NINEPIN: Non-invasive and energy efficient performance isolation in virtualized servers

  • Authors:
  • Palden Lama;Xiaobo Zhou

  • Affiliations:
  • Department of Computer Science, University of Colorado at Colorado Springs, 80918, USA;Department of Computer Science, University of Colorado at Colorado Springs, 80918, USA

  • Venue:
  • DSN '12 Proceedings of the 2012 42nd Annual IEEE/IFIP International Conference on Dependable Systems and Networks (DSN)
  • Year:
  • 2012

Quantified Score

Hi-index 0.00

Visualization

Abstract

A virtualized data center faces important but challenging issue of performance isolation among heterogeneous customer applications. Performance interference resulting from the contention of shared resources among co-located virtual servers has significant impact on the dependability of application QoS. We propose and develop NINEPIN, a non-invasive and energy efficient performance isolation mechanism that mitigates performance interference among heterogeneous applications hosted in virtualized servers.

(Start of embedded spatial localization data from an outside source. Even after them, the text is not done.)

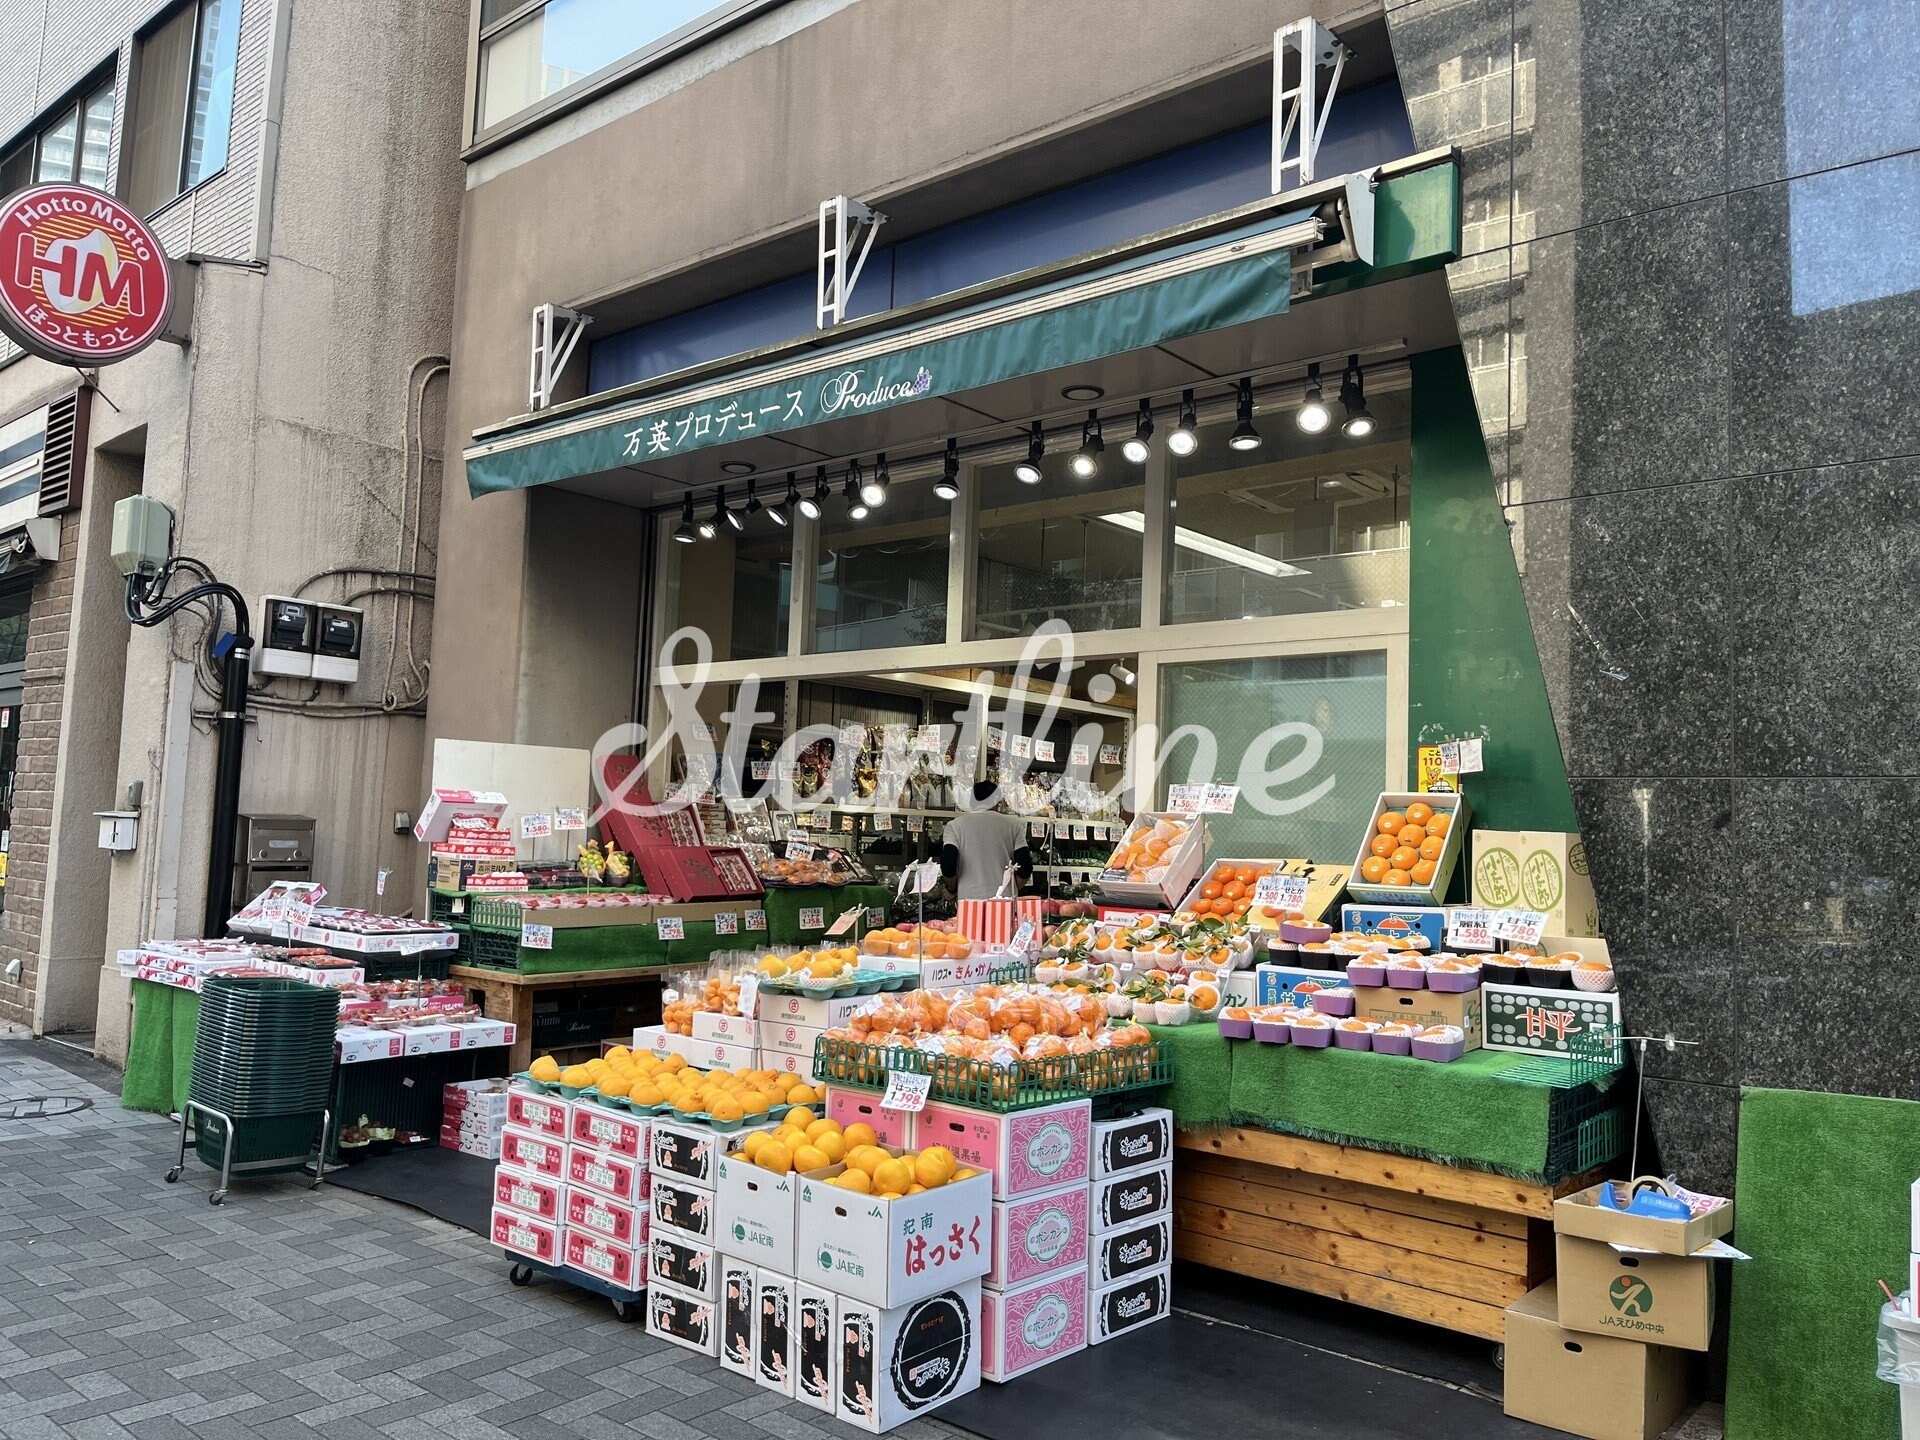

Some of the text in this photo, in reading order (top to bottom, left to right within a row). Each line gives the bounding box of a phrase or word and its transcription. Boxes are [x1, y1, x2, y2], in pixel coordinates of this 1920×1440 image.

[15, 196, 150, 261] Hotto Motto
[15, 232, 145, 317] HM
[24, 303, 134, 347] ほっともっと
[820, 369, 913, 414] Produce
[622, 390, 804, 457] 万英プロデュース
[1423, 757, 1442, 766] 110
[1515, 1006, 1582, 1041] 甘平
[896, 1083, 925, 1095] はっさく
[748, 1230, 774, 1249] JA紀南
[903, 1212, 933, 1236] 紀南
[906, 1215, 981, 1277] はっさく
[835, 1258, 864, 1278] JA紀南
[1599, 1316, 1665, 1335] JAえひめ中央
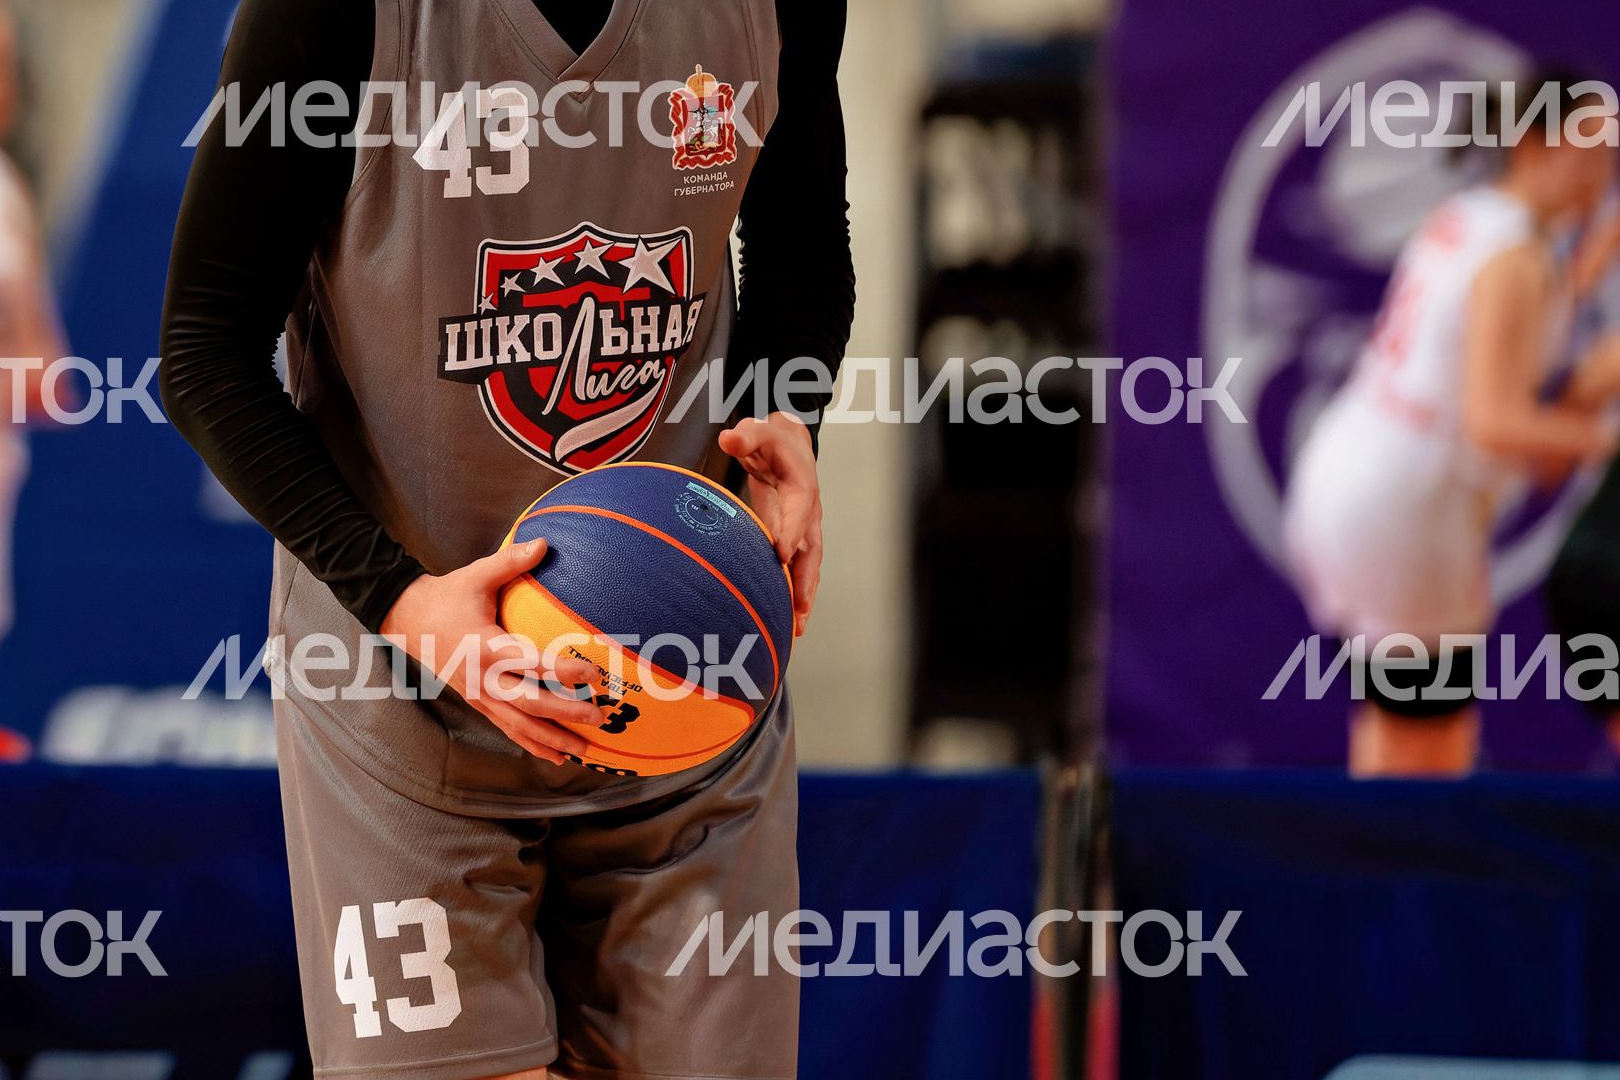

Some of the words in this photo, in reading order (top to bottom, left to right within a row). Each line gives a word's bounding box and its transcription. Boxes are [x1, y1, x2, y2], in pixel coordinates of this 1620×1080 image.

[412, 87, 530, 198] 43
[683, 171, 728, 185] КОМАНДА
[674, 180, 735, 197] ГУБЕРНАТОРА
[445, 297, 704, 372] ШКОЛЬНАЯ
[541, 296, 666, 416] Лига
[600, 678, 628, 697] FIBA
[333, 897, 463, 1039] 43
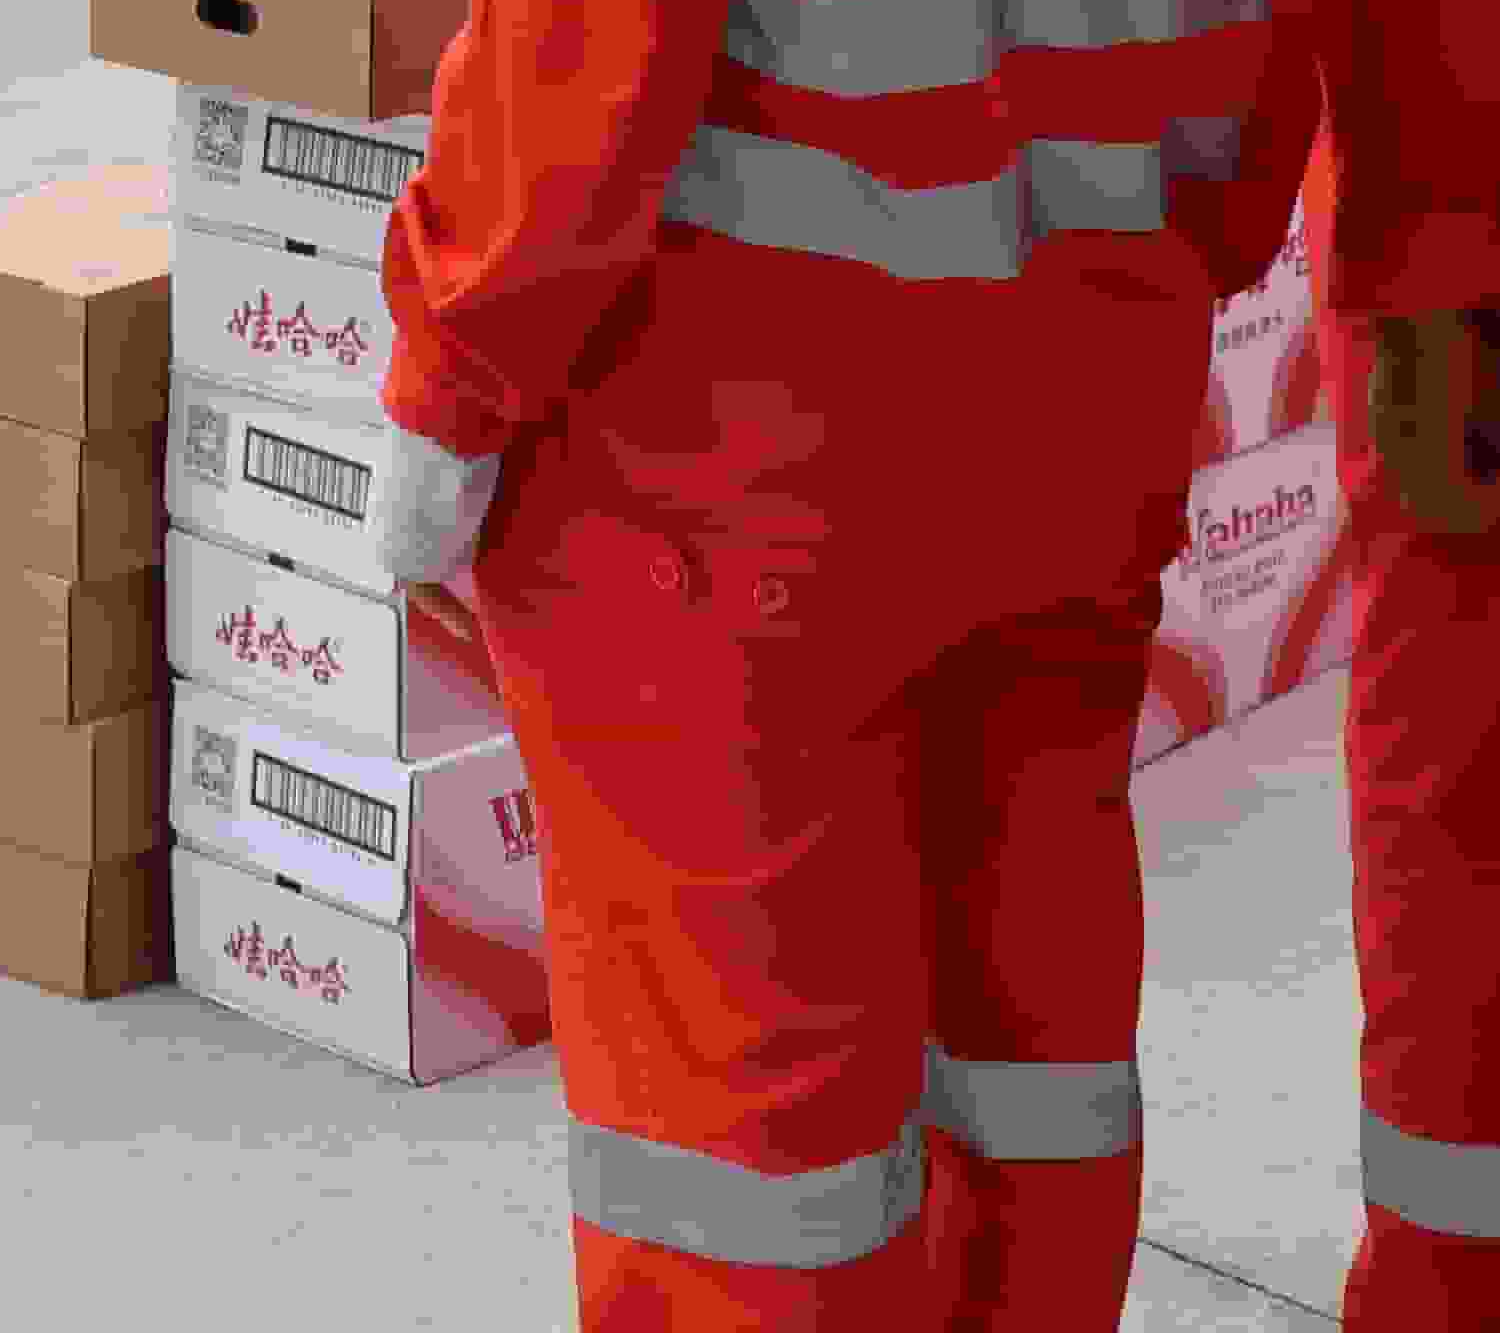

It is capable of increasing data center utility. Its novel hierarchical control framework aligns performance isolation goals with the incentive to regulate the system towards optimal operating conditions. The framework combines machine learning based self-adaptive modeling of performance interference and energy consumption, utility optimization based performance targeting and a robust model predictive control based target tracking. We implement NINEPIN on a virtualized HP ProLiant blade server hosting SPEC CPU2006 and RUBiS benchmark applications. Experimental results demonstrate that NINEPIN outperforms a representative performance isolation approach, Q-Clouds, improving the overall system utility and reducing energy consumption.